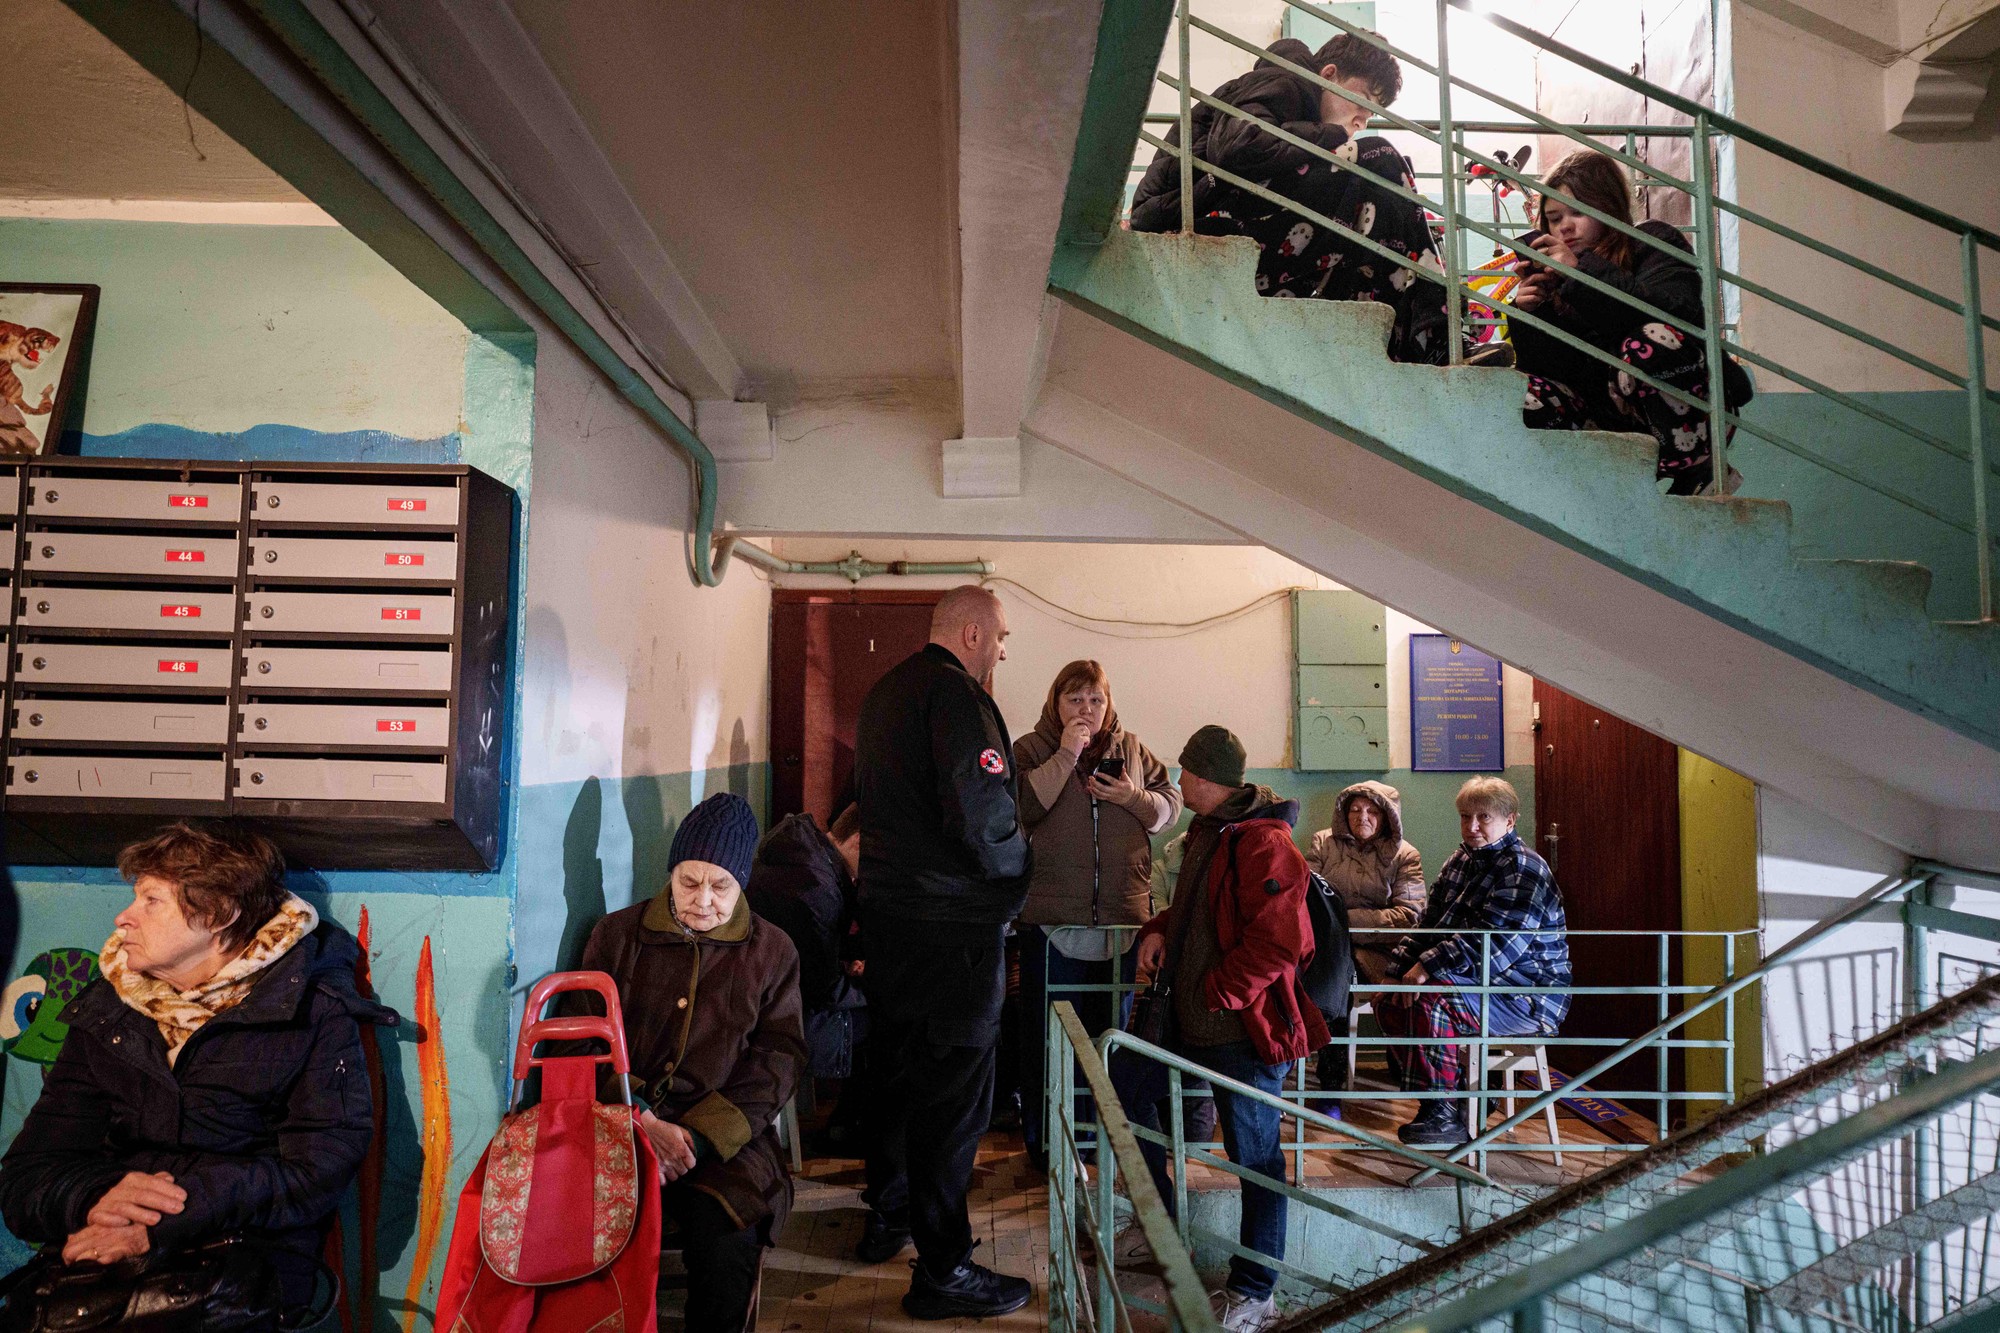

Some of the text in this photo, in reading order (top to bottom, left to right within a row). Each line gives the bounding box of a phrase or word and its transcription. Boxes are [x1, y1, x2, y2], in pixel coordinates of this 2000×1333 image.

[181, 496, 196, 507] 43
[400, 501, 414, 510] 49
[178, 552, 193, 561] 44
[398, 555, 412, 565] 50
[174, 607, 189, 616] 45
[395, 609, 408, 619] 51
[868, 639, 876, 652] 1
[171, 662, 186, 672] 46
[390, 721, 403, 731] 53
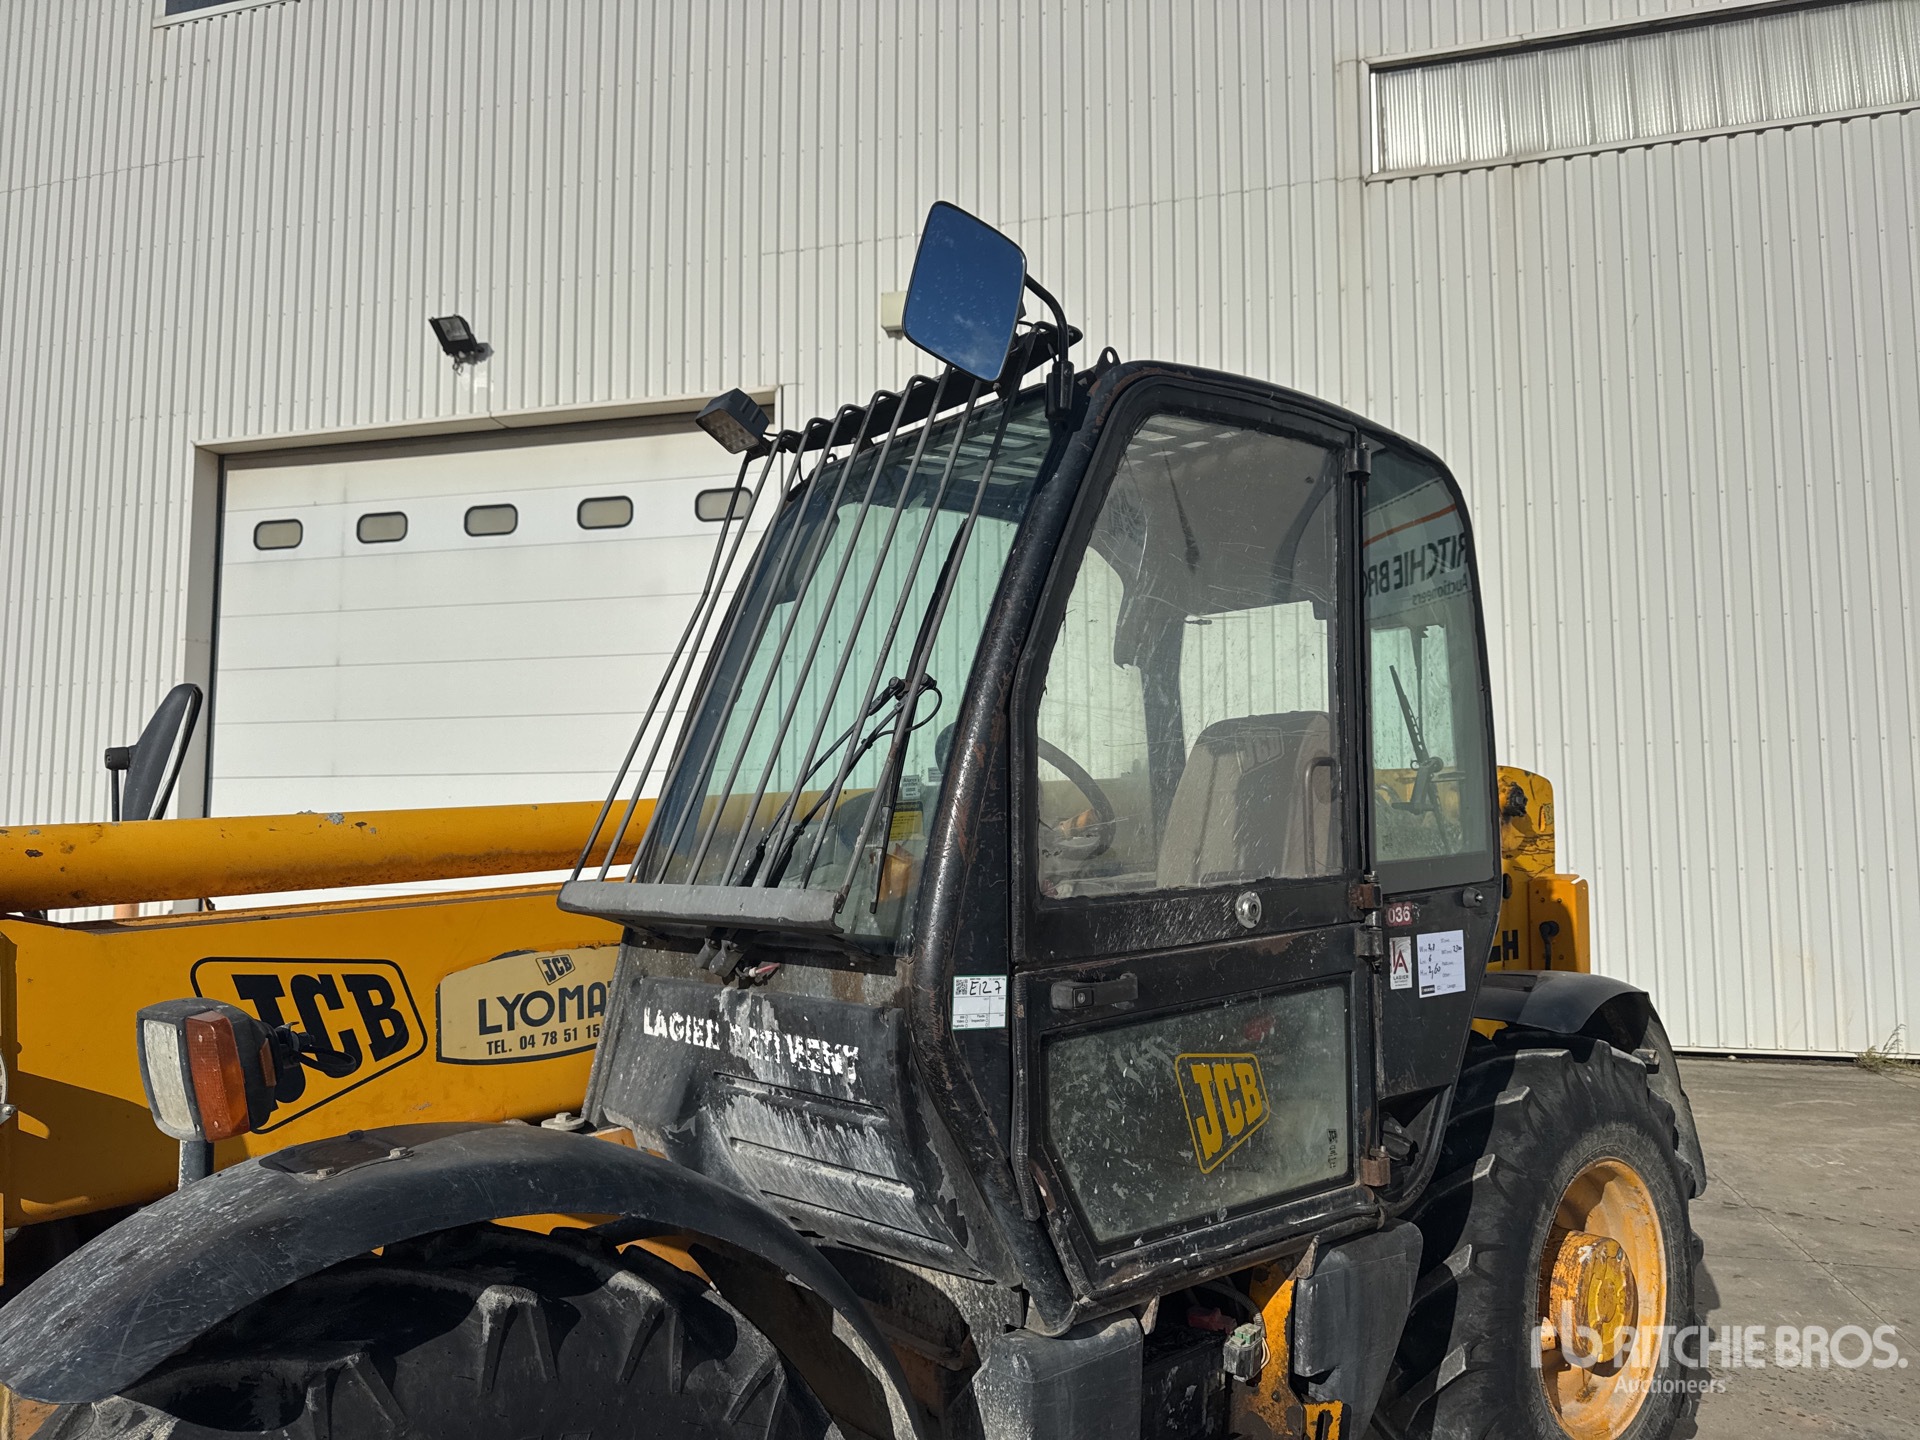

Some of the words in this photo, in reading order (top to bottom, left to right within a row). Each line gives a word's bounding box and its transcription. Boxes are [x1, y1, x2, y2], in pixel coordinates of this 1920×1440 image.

[1388, 905, 1411, 924] 036
[542, 956, 573, 983] JCB
[969, 979, 1002, 997] E127
[479, 981, 612, 1036] LYOMA
[231, 972, 410, 1111] JCB
[486, 1039, 513, 1056] TEL.
[519, 1034, 536, 1050] 04
[541, 1030, 558, 1047] 78
[563, 1027, 578, 1043] 51
[585, 1023, 601, 1039] 15
[1191, 1063, 1264, 1161] JCB
========================
Action item:
Write the data out again exactly, but without its images.

Task result:
Some of the text in this photo, in reading order (top to bottom, left to right within a row). Each line gives the bounding box of a phrase or word and its transcription. Boxes are [x1, y1, x2, y2], in pixel coordinates of this 2000×1333 image.

[181, 496, 196, 507] 43
[400, 501, 414, 510] 49
[178, 552, 193, 561] 44
[398, 555, 412, 565] 50
[174, 607, 189, 616] 45
[395, 609, 408, 619] 51
[868, 639, 876, 652] 1
[171, 662, 186, 672] 46
[390, 721, 403, 731] 53

Some of the words in this photo, in reading order (top to bottom, left to right within a row). Each line gives a word's bounding box and its transcription. Boxes are [x1, y1, x2, y2], in pixel coordinates of this 1920×1440 image.

[1388, 905, 1411, 924] 036
[542, 956, 573, 983] JCB
[969, 979, 1002, 997] E127
[479, 981, 612, 1036] LYOMA
[231, 972, 410, 1111] JCB
[486, 1039, 513, 1056] TEL.
[519, 1034, 536, 1050] 04
[541, 1030, 558, 1047] 78
[563, 1027, 578, 1043] 51
[585, 1023, 601, 1039] 15
[1191, 1063, 1264, 1161] JCB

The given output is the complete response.